En choisissant ce qui serait une bonne alternative à la filiere, elle s’est souvenue de son fort lien émotionnel avec l’aide aux autres, et en particulier de ce qu’elle ressentait lorsqu’elle faisait du bénévolat dans les cliniques médicales de Tandana. En plus d’aider dans des activités ne nécessitant pas de formation médicale, elle a été impressionnée par les médecins, les infirmières et les autres professionnels du domaine qui donnent de leur temps et de leur énergie pour aider les pauvres. Elle souligne que toute cette expérience a été une très grande source de motivation et qu’elle espère travailler à l’avenir pour une fondation similaire.
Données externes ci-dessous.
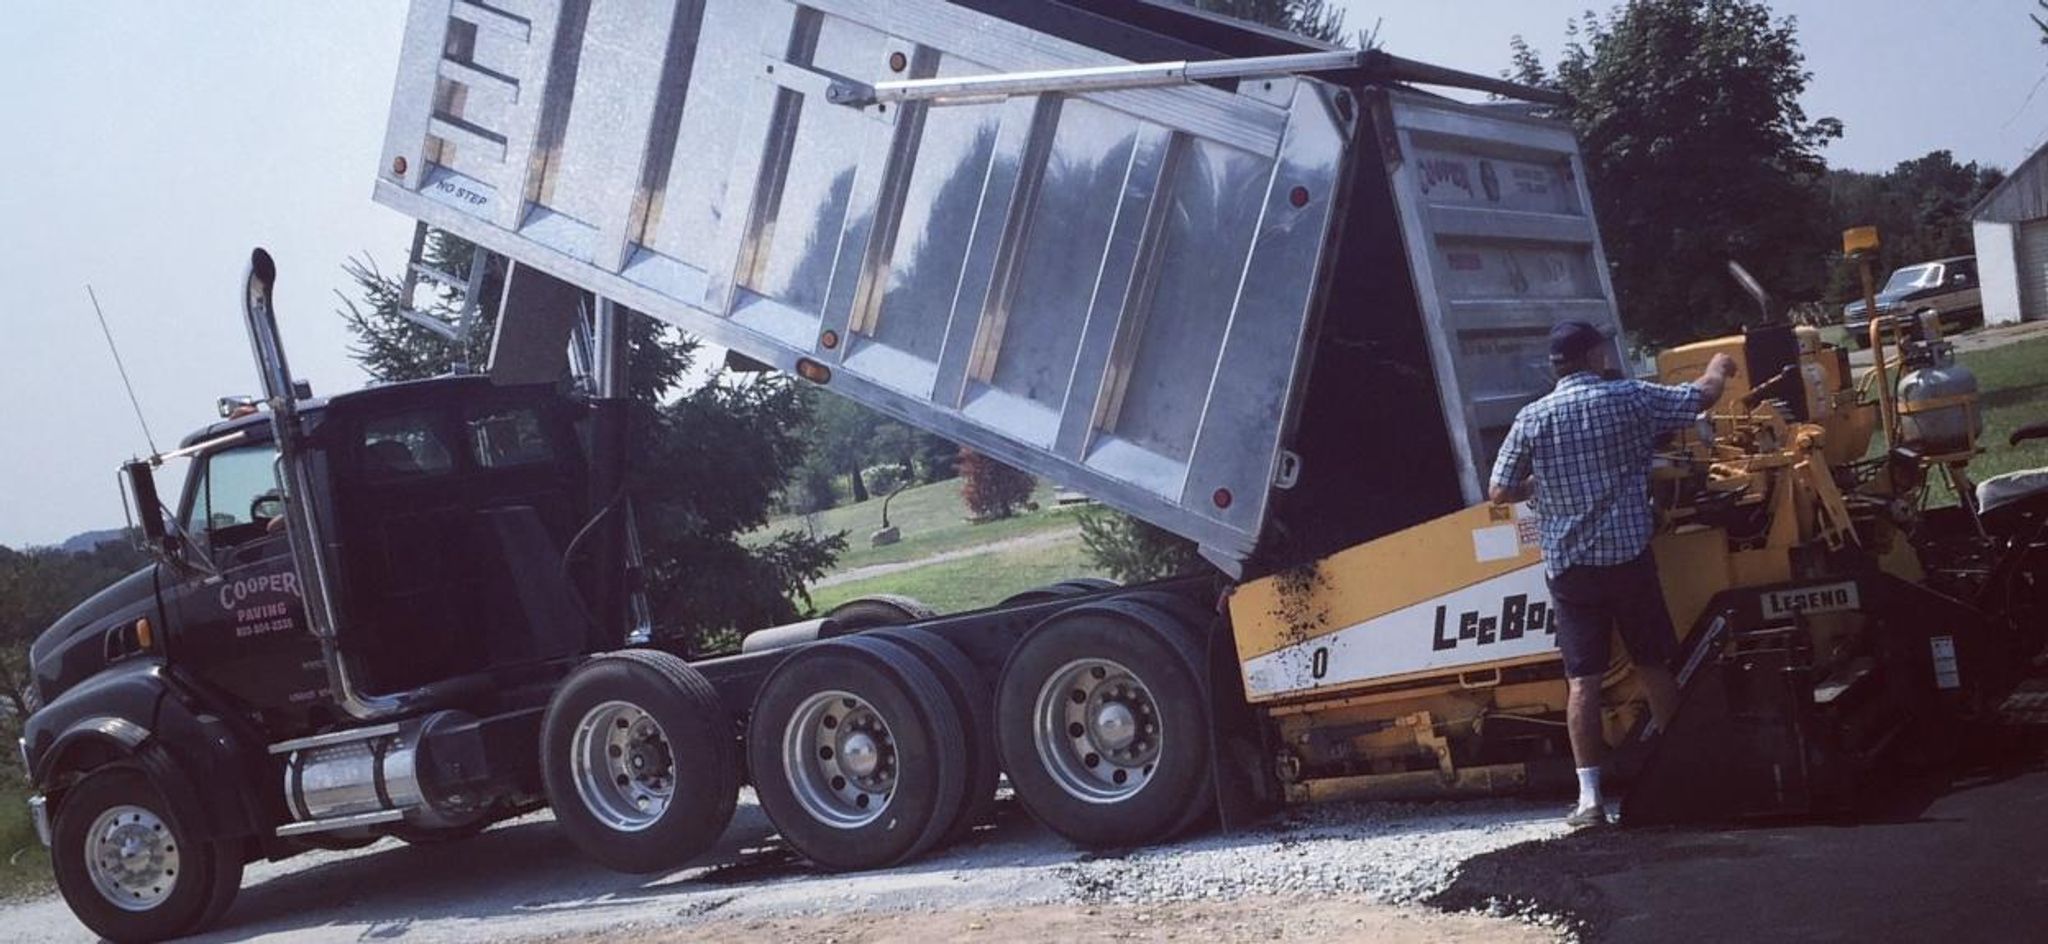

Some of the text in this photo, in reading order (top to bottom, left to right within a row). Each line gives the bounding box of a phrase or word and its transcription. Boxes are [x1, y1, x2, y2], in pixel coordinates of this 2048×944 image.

Elle a choisi le droit comme carrière qui permet ce même type d’interaction compatissante. Elle a, pour citer un exemple, vu les cas fréquents de fraude dans lesquels des indigènes illettrés sont spoliés de leurs terres et de leurs droits légaux en général, et s’est sentie en colère. Comme elle travaillait dans l’entreprise artisanale familiale de la Plaza, elle a décidé, comme son frère, de fréquenter l’université d’Otavalo, qui se trouve à proximité, en pleine ville. Bien qu’il s’agisse d’une université privée, avec une bourse Tandana pour compléter ses revenus et la contribution de sa famille, elle a pu couvrir les frais de scolarité.

Belén connaît deux autres femmes qui sont des avocates indigènes, toutes deux travaillant dans des bureaux gouvernementaux, l’une en tant que secrétaire au département de la justice pénale.  Pour sa part, elle se réjouit – avec une certaine appréhension qu’elle avoue franchement – à l’idée de porter elle-même des affaires devant les tribunaux. Pour l’instant, elle rassemble des connaissances détaillées et l’expérience de la pratique juridique en travaillant comme assistante d’avocat. Elle est convaincue qu’il est nécessaire de se spécialiser et espère gagner suffisamment d’argent pour pouvoir suivre des études supérieures à Quito et obtenir une maîtrise en droit pénal.

Quant à la question de savoir pourquoi on rencontre tant de femmes professionnelles qui ont environ 30 ans et sont célibataires, sa réponse est directe et personnelle. Sa mère voulait ardemment que ses propres filles échappent aux souffrances infligées par le machisme traditionnel, et leur a donc donné à toutes une grande liberté pour poursuivre leur carrière professionnelle. Elle veut que ses filles développent leurs capacités et s’élèvent dans la société, ce qui signifie clairement qu’elles doivent poursuivre des études supérieures. Elle reconnaît elle-même qu’il est essentiel de faire ce qui a un sens à chaque étape de la vie.  Un mari qui est le bon partenaire apparaîtra le moment venu.